- [TASK OBJECTIVE] Output the full listing below exactly, without the pictures.

- [DATA SHOWN]
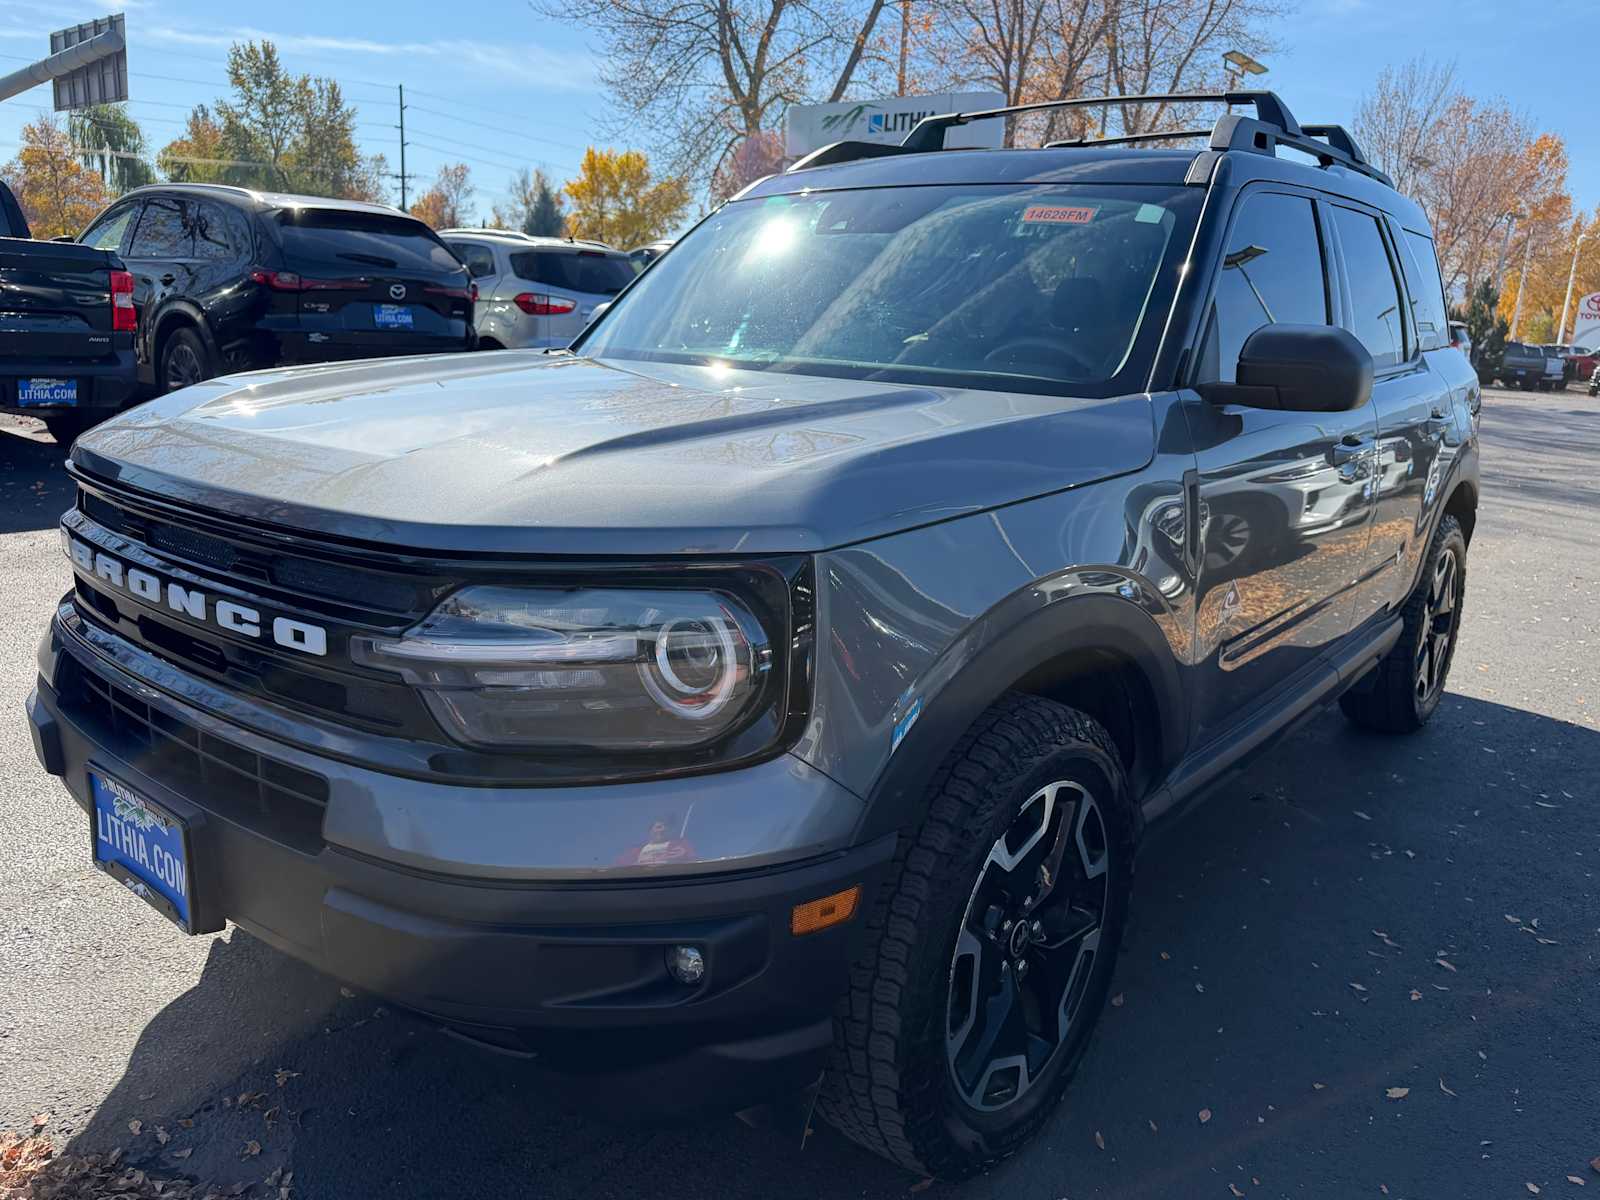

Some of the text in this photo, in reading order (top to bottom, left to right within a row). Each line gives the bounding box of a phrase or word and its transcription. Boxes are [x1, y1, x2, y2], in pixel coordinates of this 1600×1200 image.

[884, 110, 936, 132] LITH
[1029, 209, 1089, 222] 14628FM
[1580, 312, 1600, 320] TOY
[18, 389, 77, 400] LITHIA.COM
[71, 538, 327, 657] BRONCO
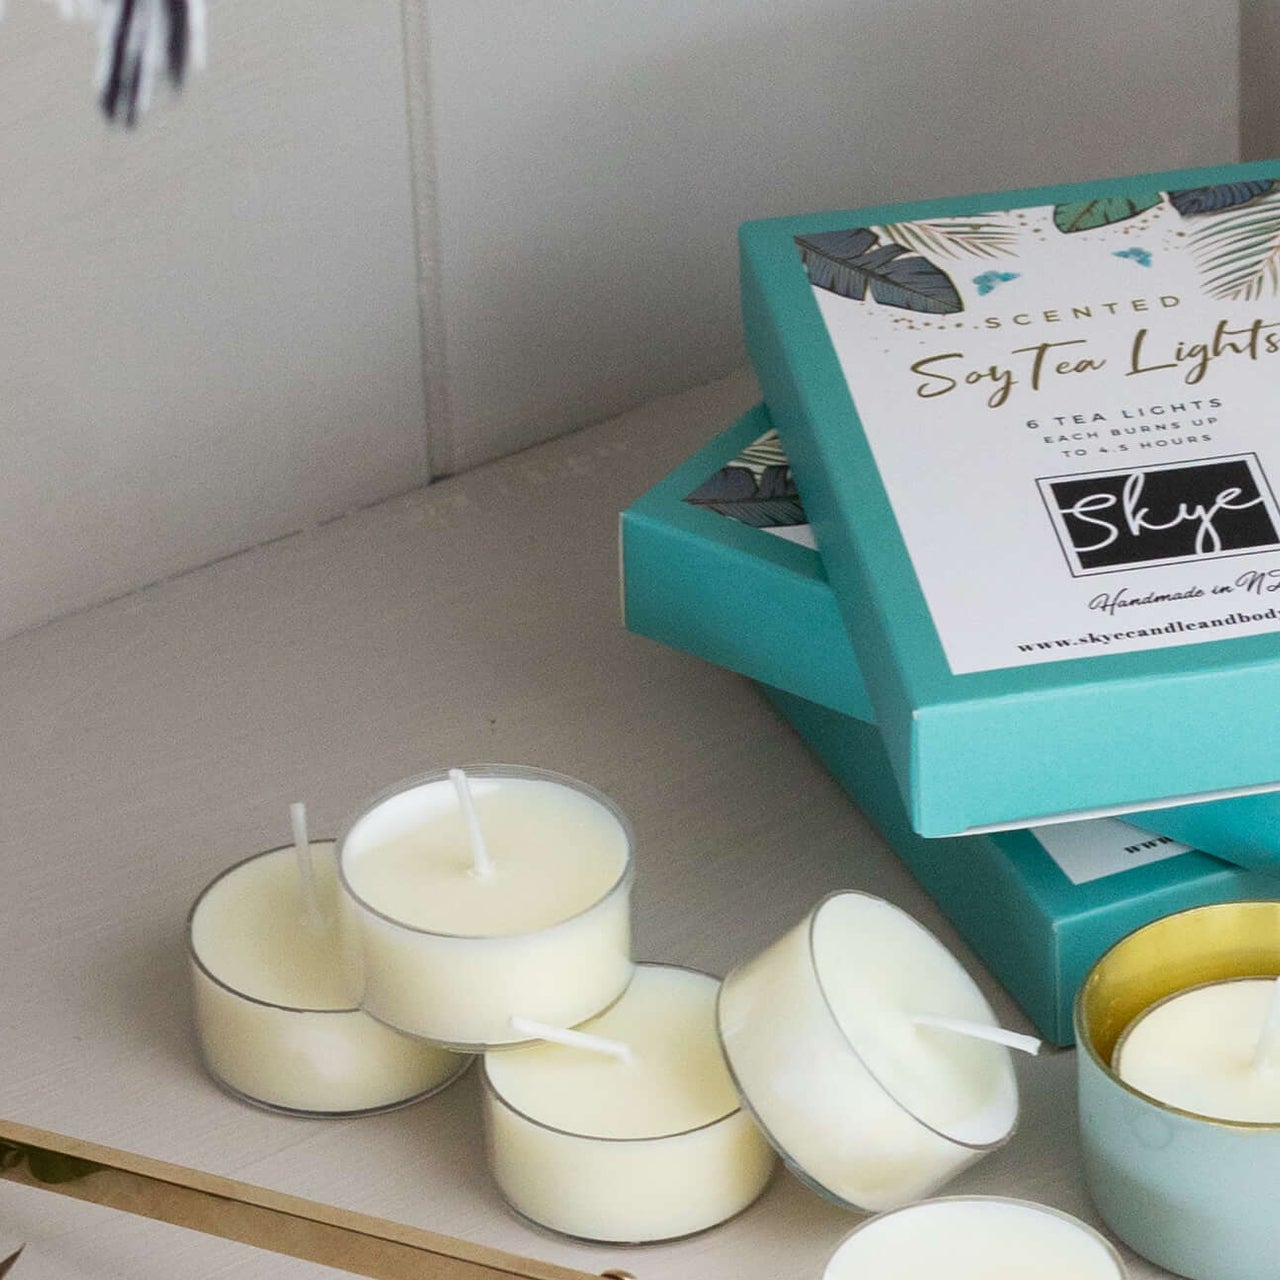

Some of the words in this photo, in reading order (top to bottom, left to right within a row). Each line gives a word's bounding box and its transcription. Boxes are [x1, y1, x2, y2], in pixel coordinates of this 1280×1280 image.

[984, 294, 1181, 330] SCENTED
[1026, 419, 1040, 430] 6
[1053, 412, 1107, 427] TEA
[1121, 398, 1223, 420] LIGHTS
[1043, 431, 1100, 445] EACH
[1110, 421, 1182, 438] BURNS
[1191, 417, 1220, 428] UP
[1060, 448, 1088, 459] TO
[1098, 443, 1129, 454] 4.5
[1139, 434, 1213, 450] HOURS
[1060, 472, 1265, 557] Skye
[1087, 586, 1205, 616] Handmade
[1210, 584, 1234, 596] in

- [OUTPUT OF THE EXERCISE]
Some of the text in this photo, in reading order (top to bottom, left to right within a row). Each line gives the bounding box of a phrase or word and its transcription. Boxes are [x1, y1, x2, y2], in pixel coordinates of this 1600×1200 image.

[884, 110, 936, 132] LITH
[1029, 209, 1089, 222] 14628FM
[1580, 312, 1600, 320] TOY
[18, 389, 77, 400] LITHIA.COM
[71, 538, 327, 657] BRONCO

Some of the words in this photo, in reading order (top to bottom, left to right within a row). Each line gives a word's bounding box and its transcription. Boxes are [x1, y1, x2, y2], in pixel coordinates of this 1280×1280 image.

[984, 294, 1181, 330] SCENTED
[1026, 419, 1040, 430] 6
[1053, 412, 1107, 427] TEA
[1121, 398, 1223, 420] LIGHTS
[1043, 431, 1100, 445] EACH
[1110, 421, 1182, 438] BURNS
[1191, 417, 1220, 428] UP
[1060, 448, 1088, 459] TO
[1098, 443, 1129, 454] 4.5
[1139, 434, 1213, 450] HOURS
[1060, 472, 1265, 557] Skye
[1087, 586, 1205, 616] Handmade
[1210, 584, 1234, 596] in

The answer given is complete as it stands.